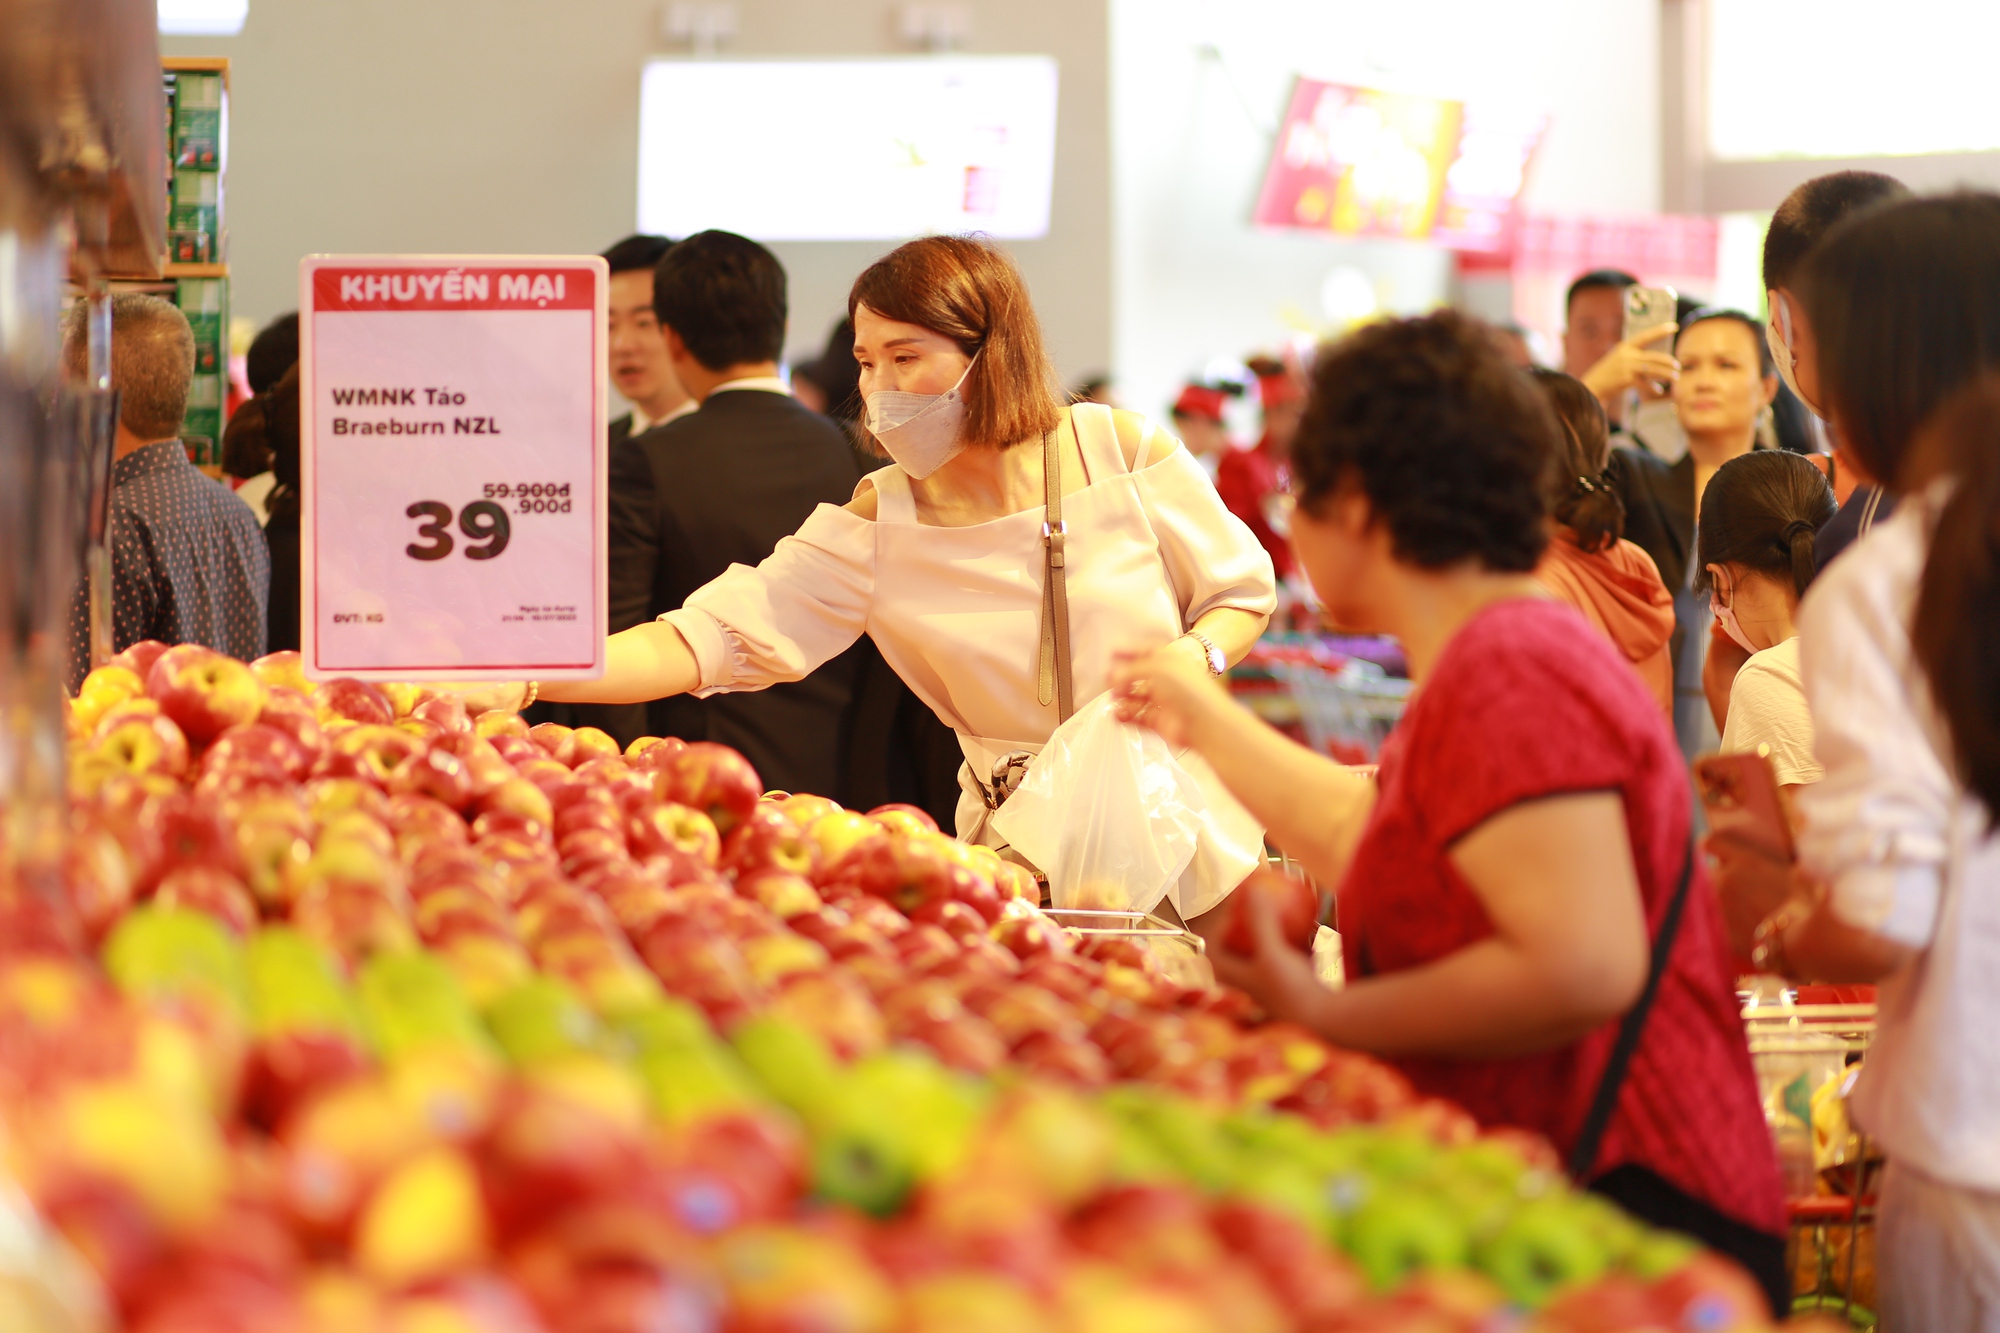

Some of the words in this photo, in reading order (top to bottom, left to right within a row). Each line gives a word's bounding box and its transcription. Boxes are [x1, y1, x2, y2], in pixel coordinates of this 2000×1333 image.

[340, 267, 489, 301] KHUYẾN
[498, 274, 565, 307] MẠI
[331, 388, 416, 406] WMNK
[424, 387, 466, 406] Táo
[332, 417, 445, 435] Braeburn
[453, 417, 501, 435] NZL
[405, 500, 511, 561] 39

## Activity:
Output the records exactly, and let none of their pictures appear in the copy.

## Task answer:
Some of the words in this photo, in reading order (top to bottom, left to right within a row). Each line gives a word's bounding box and its transcription. Boxes are [x1, y1, x2, y2], in pixel coordinates of this 2000×1333 image.

[340, 267, 489, 301] KHUYẾN
[498, 274, 565, 307] MẠI
[331, 388, 416, 406] WMNK
[424, 387, 466, 406] Táo
[332, 417, 445, 435] Braeburn
[453, 417, 501, 435] NZL
[405, 500, 511, 561] 39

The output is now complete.